Heritage day has come and gone, but the establishment of dynamic creative communities present us with the opportunity to create a new South African heritage. A heritage that can be celebrated throughout the year, and most importantly, one that is driven by the creative class. Young, gifted and killing it, these are some of South Africa’s creatives who are challenging the norms and reimagining the creative landscape in their respective fields and we are here for it!
A while back we had the immense pleasure of chatting with the charismatic Zoey Black, a content creator whose established blog and new YouTube channel are making waves in the local LGBTQIA+ community due to her honest and open creations about gender identity and trans visibility. You can catch the full conversation on Orms Air.
Her YouTube channel aims to address and explore social and lifestyle issues pertaining to the LGBTQIA+ community, specifically around the authentic representations of trans lives and the importance language has in the perception of ourselves. The channel is the first of its kind on the platform, and acts as a resource in providing accessible information on trans specific issues, including accessing hormone replacement therapy, and changing one’s name and gender marker at the Department of Home Affairs.

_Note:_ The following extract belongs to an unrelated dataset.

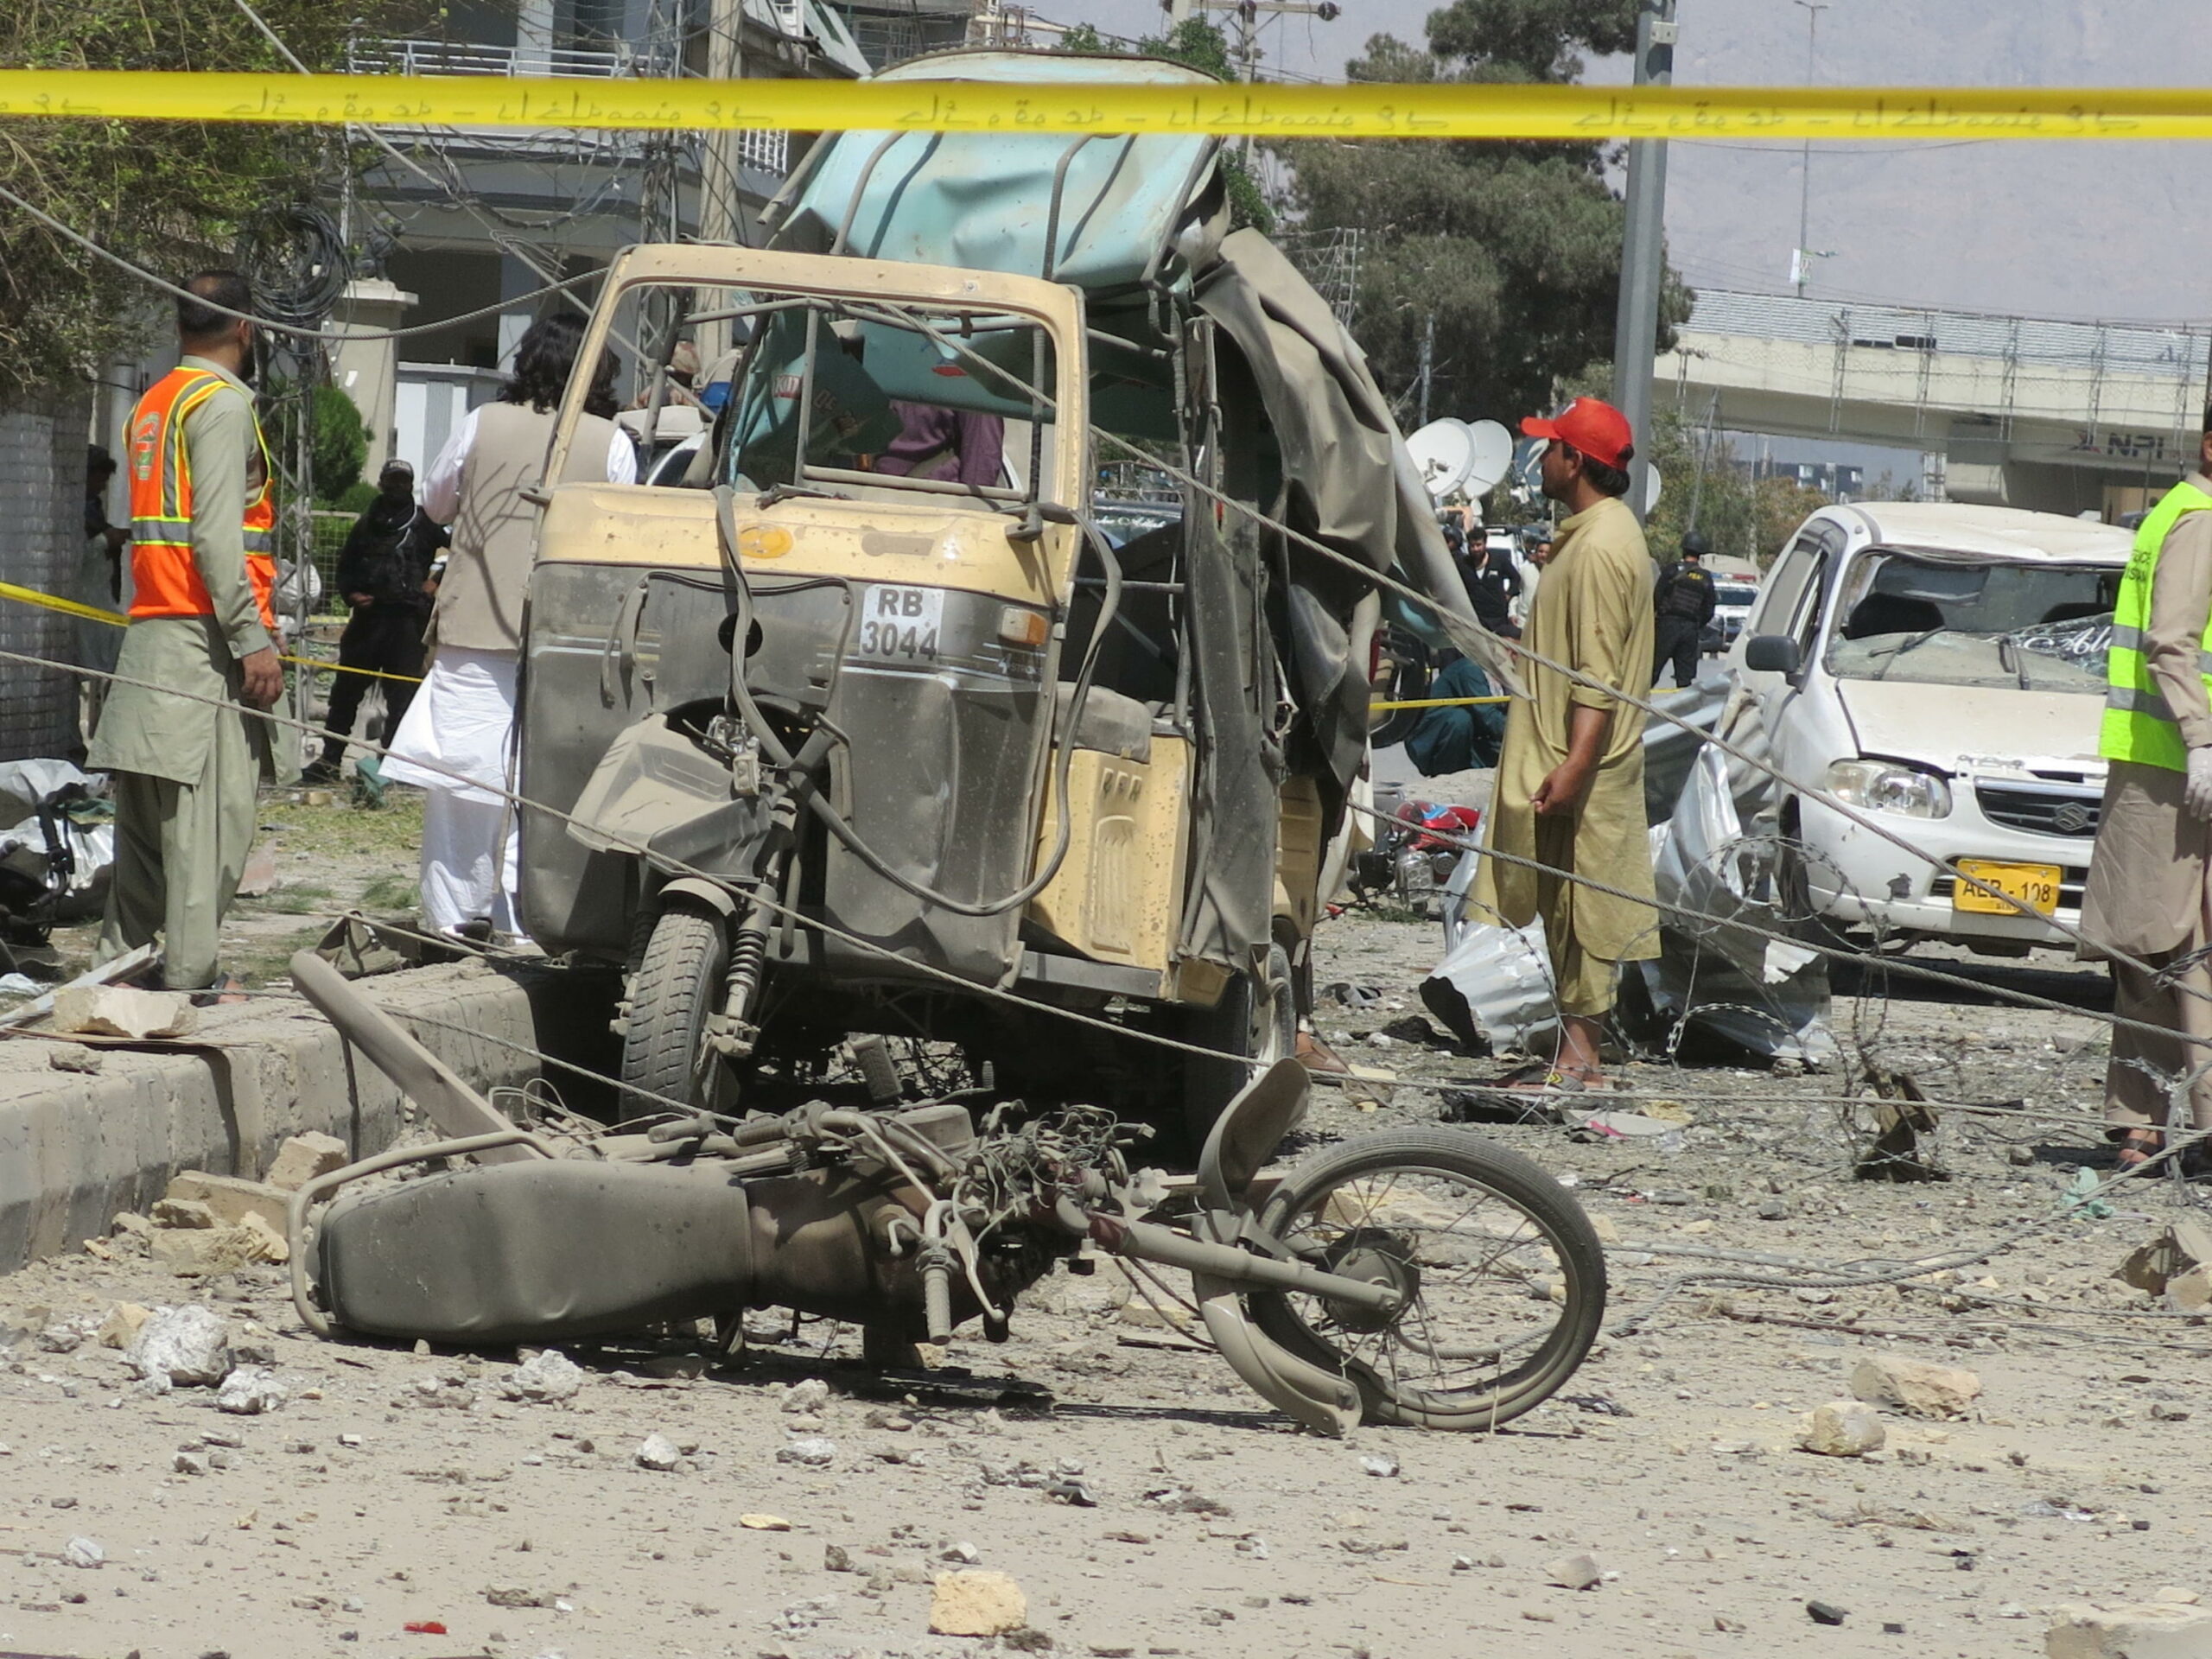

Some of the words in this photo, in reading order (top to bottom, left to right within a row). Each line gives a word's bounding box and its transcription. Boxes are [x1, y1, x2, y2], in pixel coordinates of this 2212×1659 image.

Visual artist and award-winning fashion photographer Themba Mbuyisa has developed a unique visual language and we are here for it. His authentic representations of our home have catapulted him into the spotlight. In his images we see beauty, we see elegance and we see so much swag. We see a reimagining of the way black bodies are represented in mass media.
There is a narrative quality to his approach to image-making that compositionally confronts what is traditionally understood as foregrounding and backgrounding. His afro-futuresque visual language dares you to pay attention to the images he’s creating, the story that he’s telling.

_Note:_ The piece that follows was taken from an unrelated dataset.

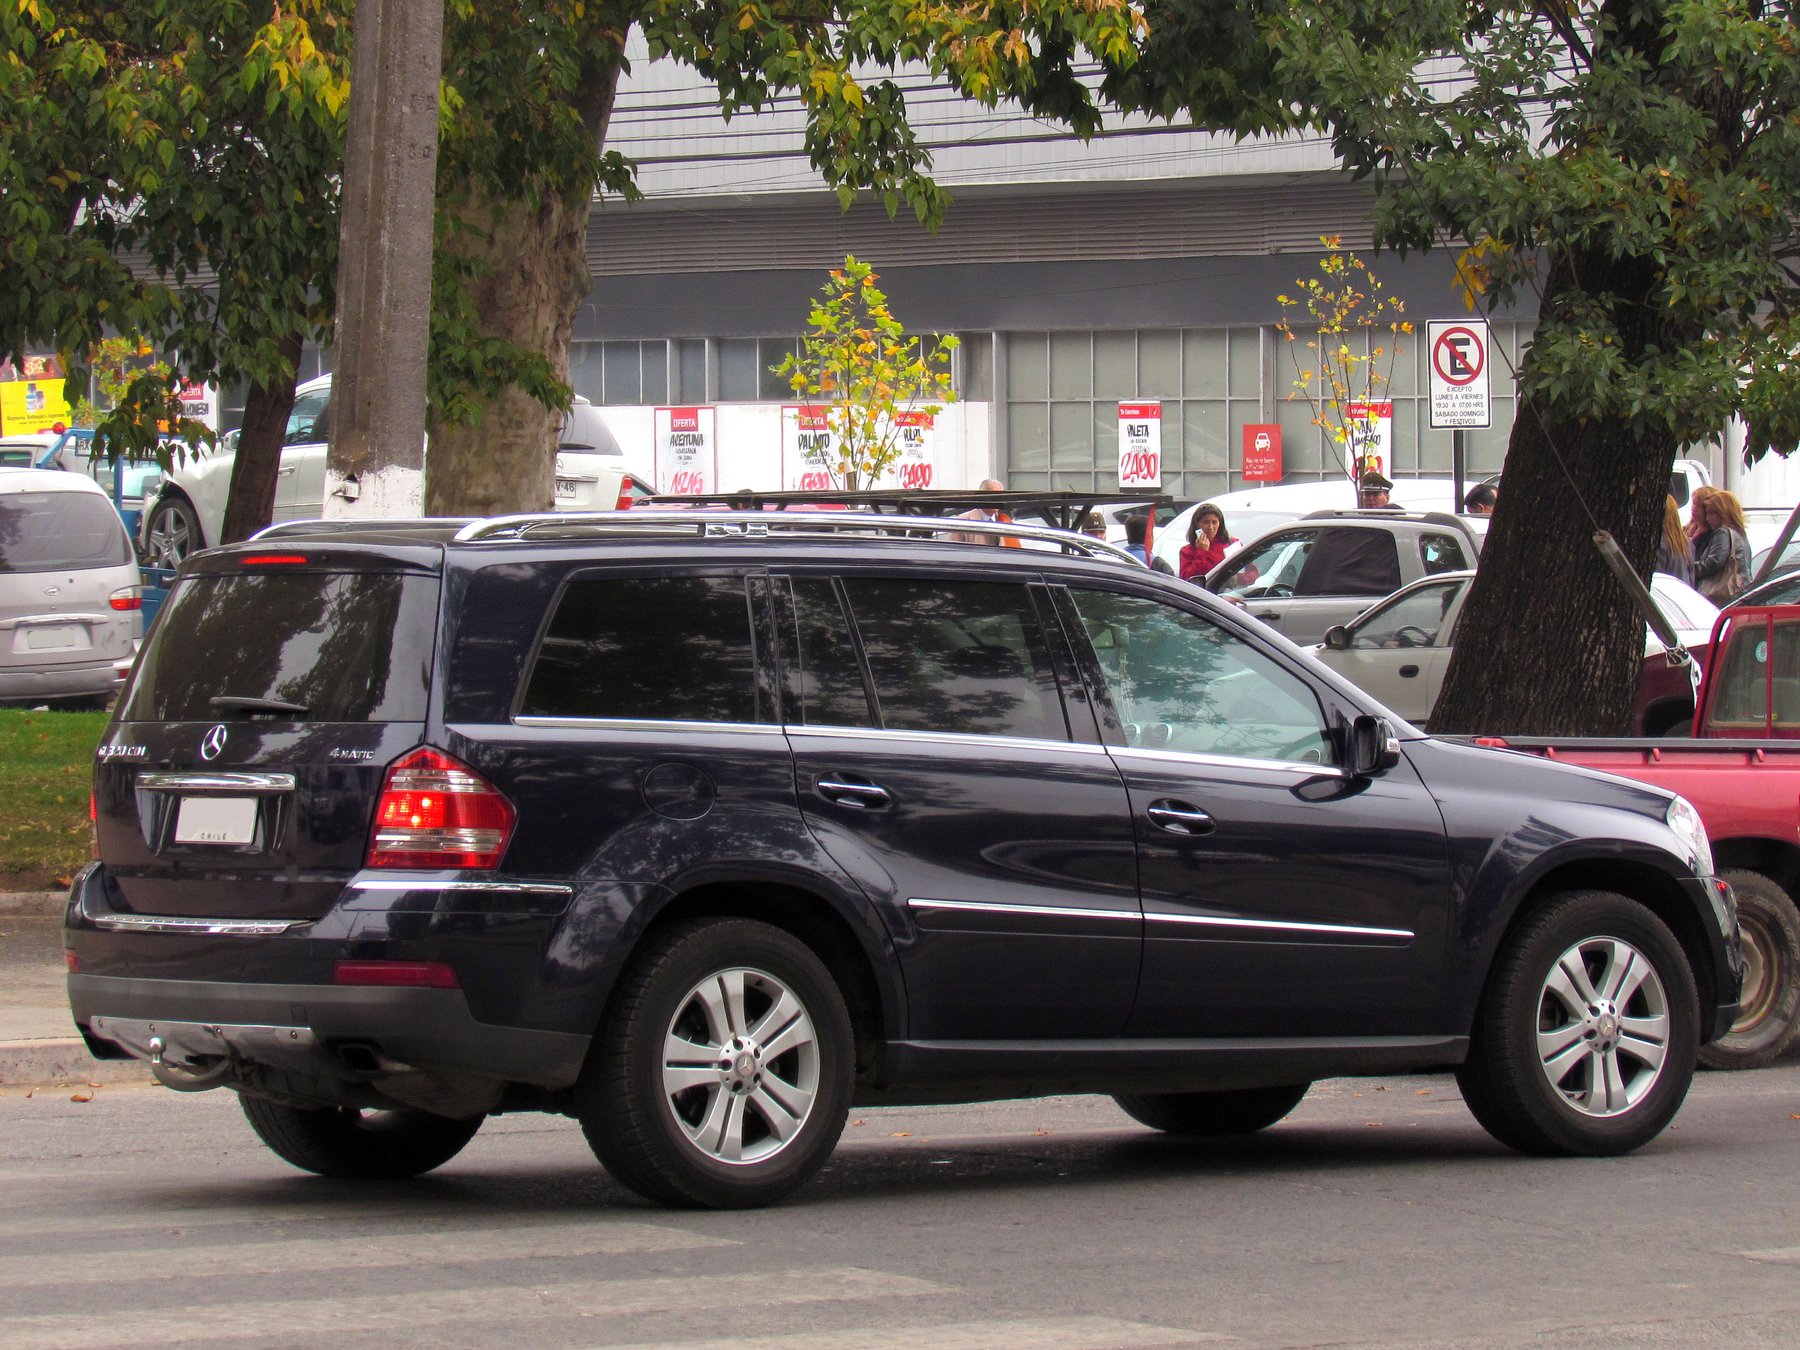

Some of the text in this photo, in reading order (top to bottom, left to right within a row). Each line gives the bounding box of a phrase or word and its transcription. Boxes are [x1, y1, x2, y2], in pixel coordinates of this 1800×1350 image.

We recently caught up with Themba on Orms Air, and during the conversation he opens up about his meteoric rise to fame, going behind the scenes with international streaming service Netflix and why the authentic representation of African stories in world wide media is a necessity. You can have a listen to that conversation here.
Artist, producer, photographer, DJ and all-round creative powerhouse Gina Mwoombola, or as you may know her Gina Jeanz is a literal powerhouse to be reckoned with.
And we don’t refer to Gina as a powerhouse lightly. We’re blown away by how multi-talented she truly is. From her music to all of the graphics and imagery that goes along with it, Gina has her hands on every element of her creative process. We recently spoke to Gina on Orms Air where she shares her creative beginnings, what influenced her to leap into following her musical dreams and the intention behind her creations
Interested in taking a journey through Gina’s music contributions? Find her work on Soundcloud here and don’t forget that supporting the artists whose work keeps us going is a way to show that we appreciate their work. Support local artists, always.
Justice Mukheli needs no introduction. He is a new breed of super-gracious, liberated, African photographer that signifies the future of this industry, and we are thrilled to have been able to talk to him about his practice and his sources of inspiration on Orms Air.
Mukheli is known for creating intellectually and emotionally driven work that centres on the authentic African experience. In his work, we see a synchronous relationship between strength and tenderness. His portraits of children are a moving expression of this synchronicity, they are striking portraits of children in their moments of quiet play.
When you engage with Mukheli’s work, you begin to notice a thread that runs through his subject’s vulnerability and uninhibited interaction with his lens, it’s almost as if he has created a safe space within his practice, a place where his subjects feel comfortable enough to be their most authentic selves. This is a reflection of his own embracing of his vulnerability – through his subjects he is actively reclaiming the emotions that he had to hold in as a young boy because “boys don’t cry”.